In Step 8 above, enter the query “SELECT light INTO blah2 CLUSTER 1 EPOCH 10s
RUNCOUNT 10”. This query requests the nodes to store the light sensor readings into the
clustering buffer called “blah2” every 10 seconds for 10 times. While the query is being
executed, vary the amount of light incident onto the sensor (note that readings are only taken
every 10 seconds). This allows the effect of the clustering algorithm to be observed. Please
note that variable cluster radius is not currently implemented as it was not implemented in the
original prototype. The radius field is included for future extension.

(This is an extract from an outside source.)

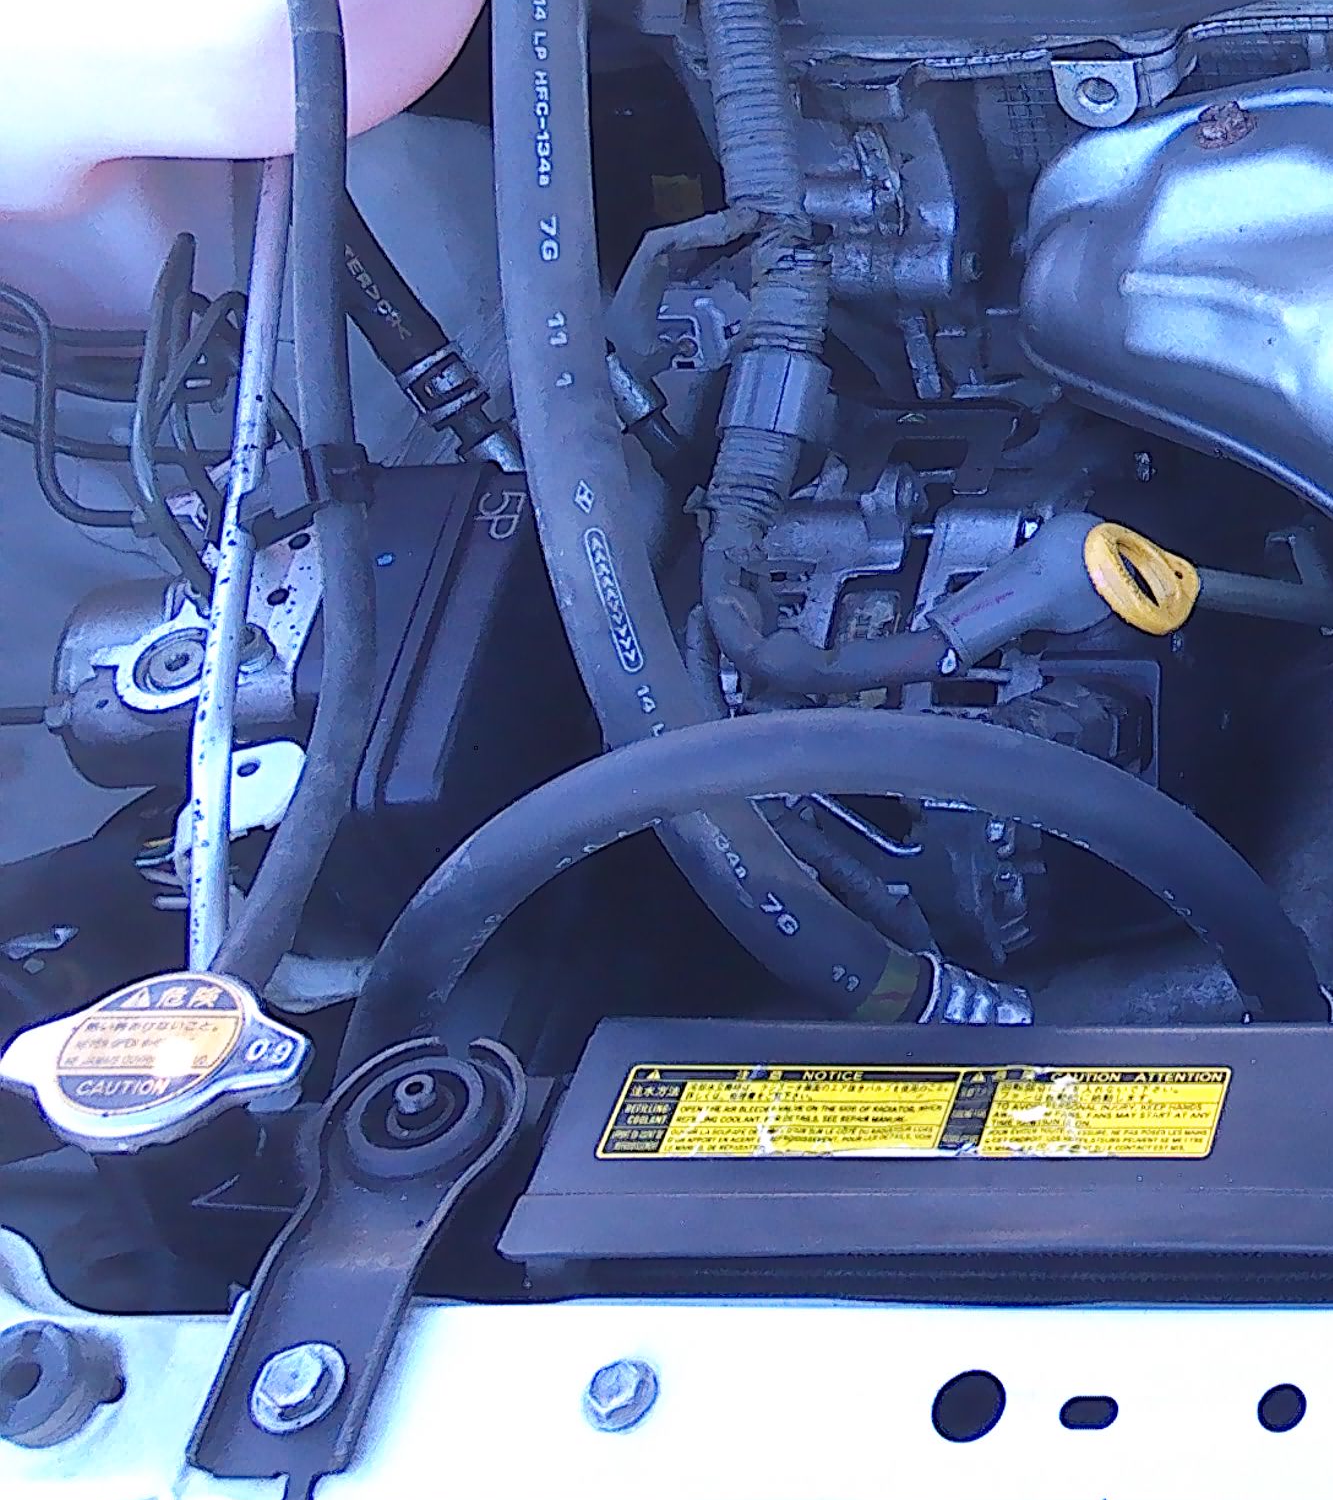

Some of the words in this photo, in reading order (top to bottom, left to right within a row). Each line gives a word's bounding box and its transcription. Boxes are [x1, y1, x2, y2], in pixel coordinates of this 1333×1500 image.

[800, 1071, 864, 1081] NOTICE
[1134, 1071, 1223, 1082] ATTENTION
[76, 1078, 170, 1097] CAUTION
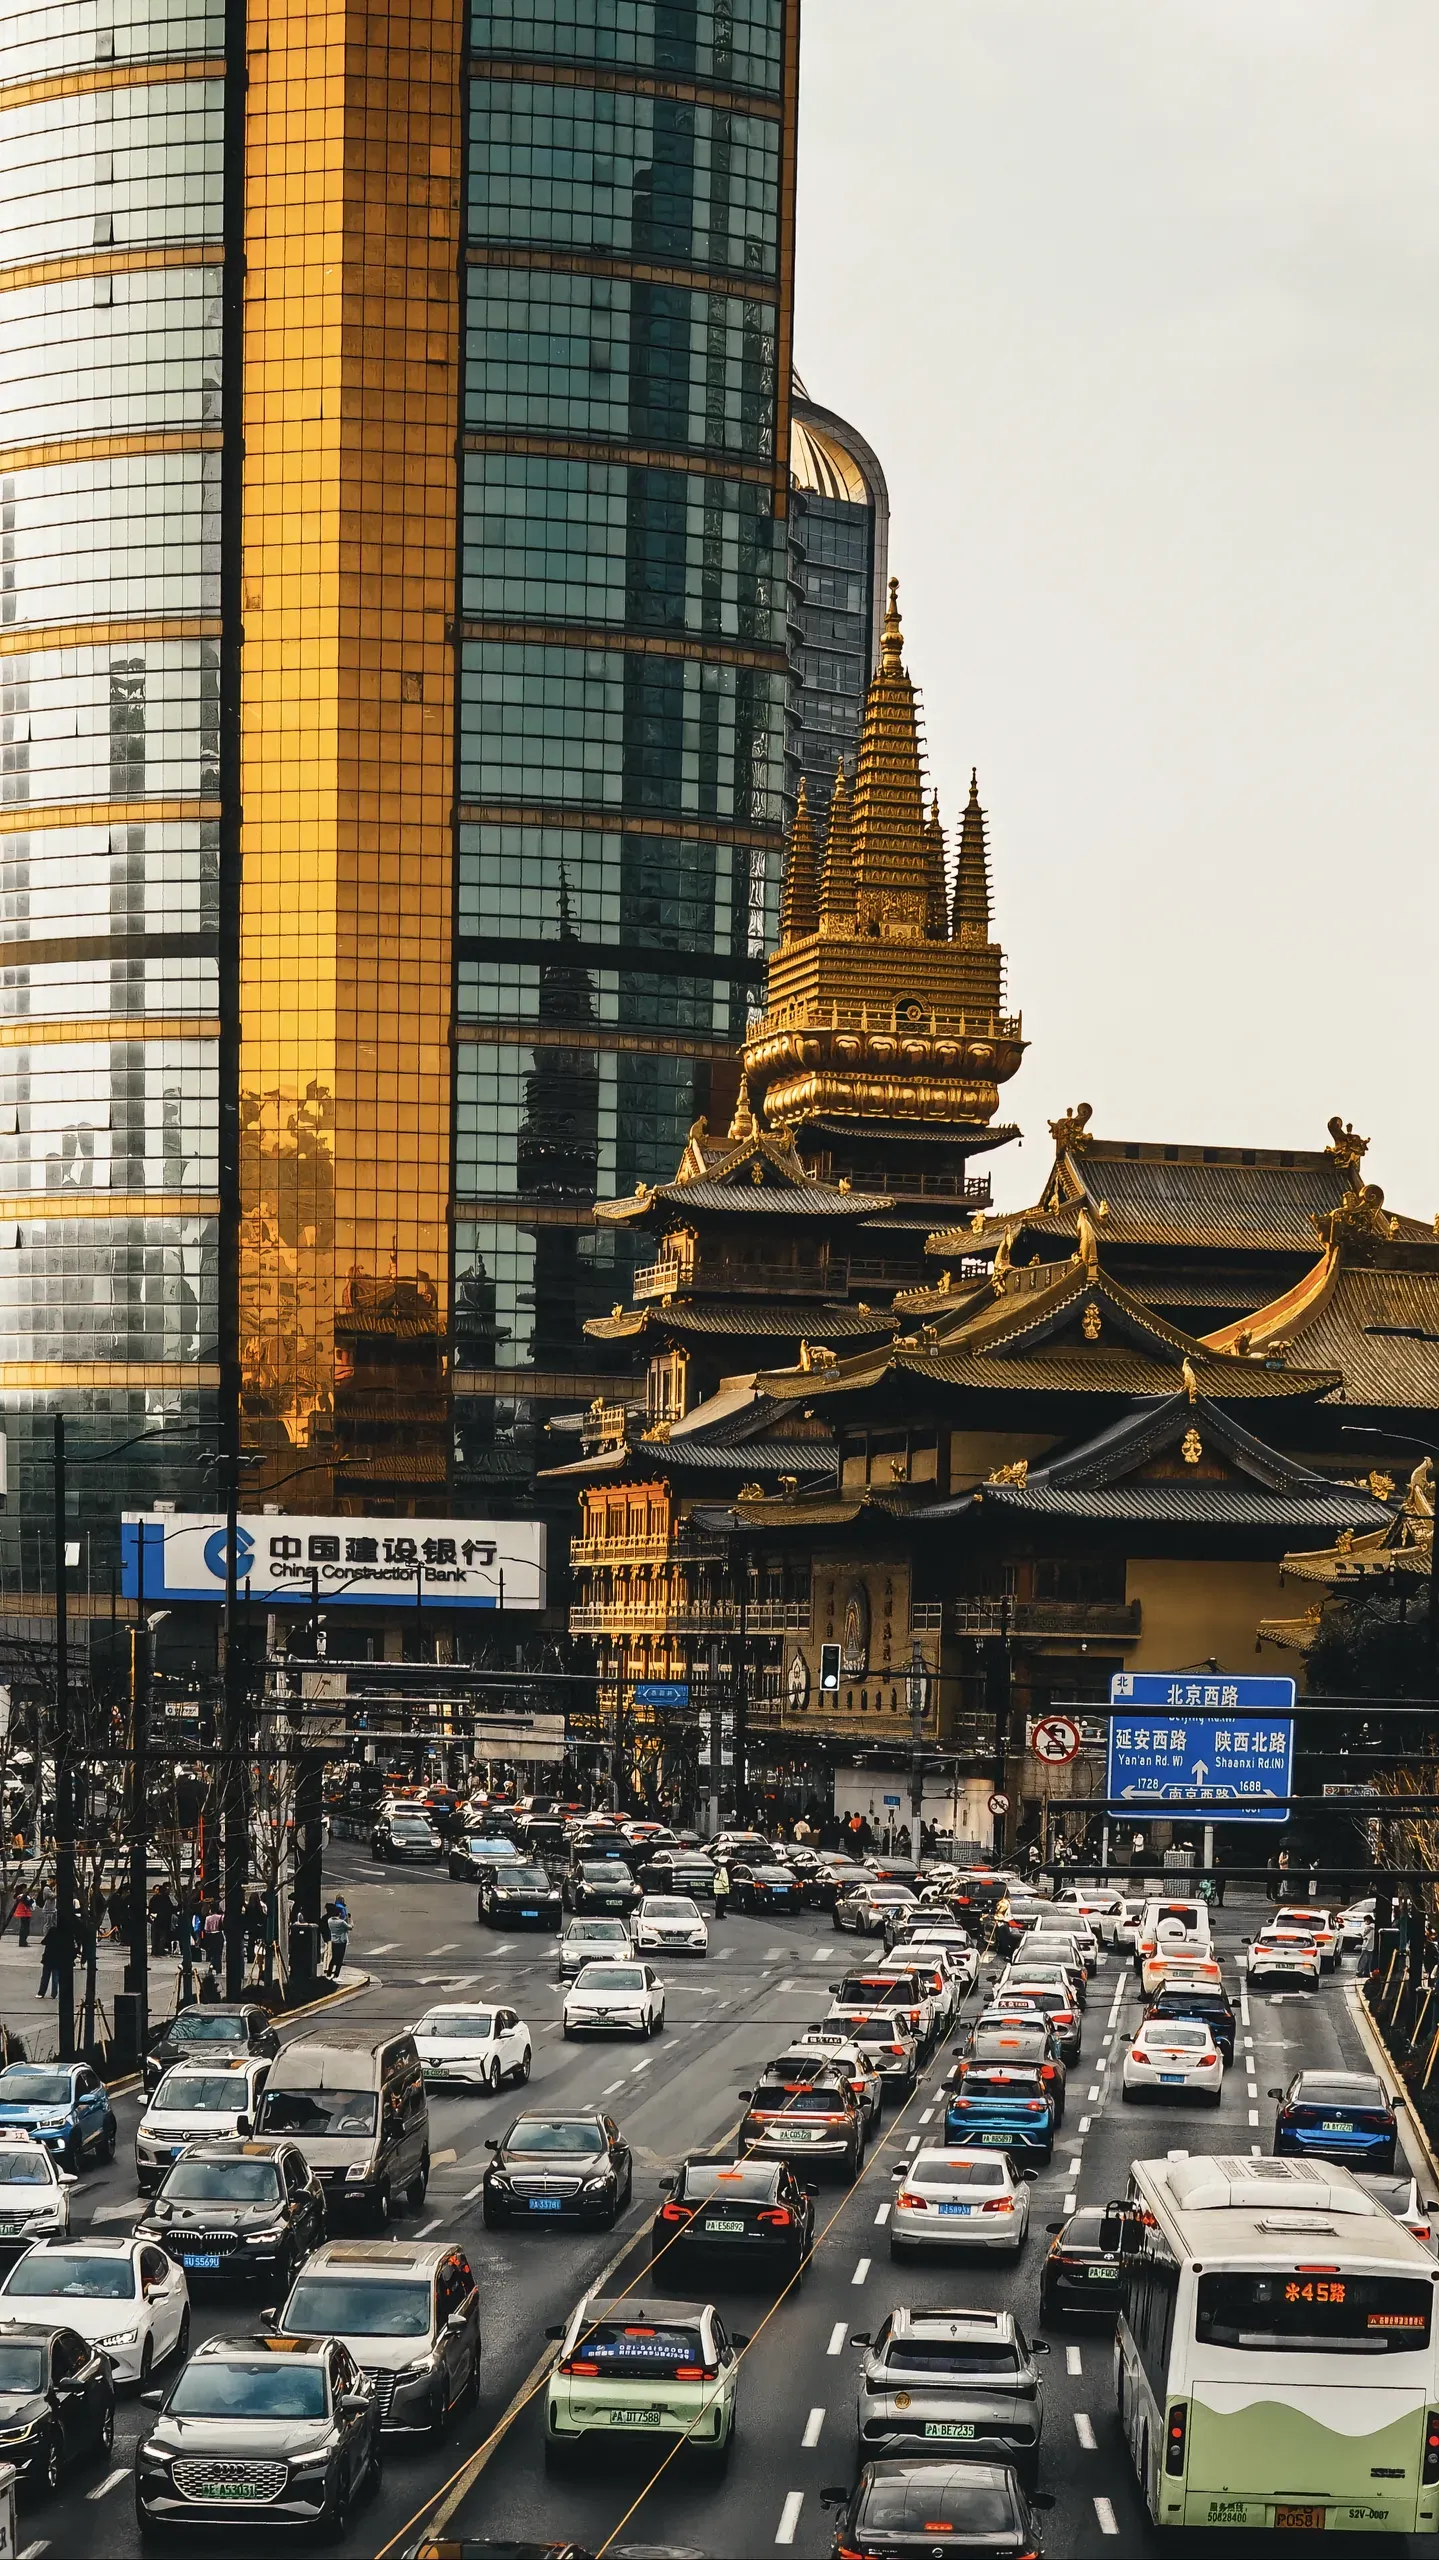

At any time, if the query “SELECT * FROM blah2” is issued, it will return the average value of
the clusters, and the number of items in each cluster at the point in time. Unlike the buffered
storage, the buffer is not reset every time the buffer is read, but will continue to aggregate.
21
5 Evaluation
5.1 Tests for Correctness
In order to verify the software correctness, tests are conducted at several levels using different
strategies.
Before tested on the actual nodes, unit tests are conducted on methods and classes to ensure
that these new additions/amendments will function as intended. These new additions /
amendments are then integrated into the SSDQP on the development platform, and unit tests
are conducted on the methods that will be using these changes. For some of these changes (for
example, changes to the parser), these unit tests needs to be stepped through manually since
the existing SSDQP code includes references to methods specific to the nodes and are not
available on the desktop, thus requiring human intervention to break from those routines.
After the code is unit tested as a whole, the new source code is then deployed to the sensor
nodes and acceptance tested. At this stage, since the code is now executing remotely and on a
reduced library, the author loses the ability to run/stop the process, and was unable to use
debuggers. Debugging of the code becomes difficult (for example, exceptions do not contain
reference to line numbers or method names when thrown).
Since the only interface that is available between any user (including the author) and the
process being tested is an outdated GUI that does not have scripting ability, only human tests
can be conducted. To conduct these tests, specially crafted queries designed to test a certain
feature are sent via the GUI, and the return values from the node is visually compared to an
expected range of values to determine the validity of the result.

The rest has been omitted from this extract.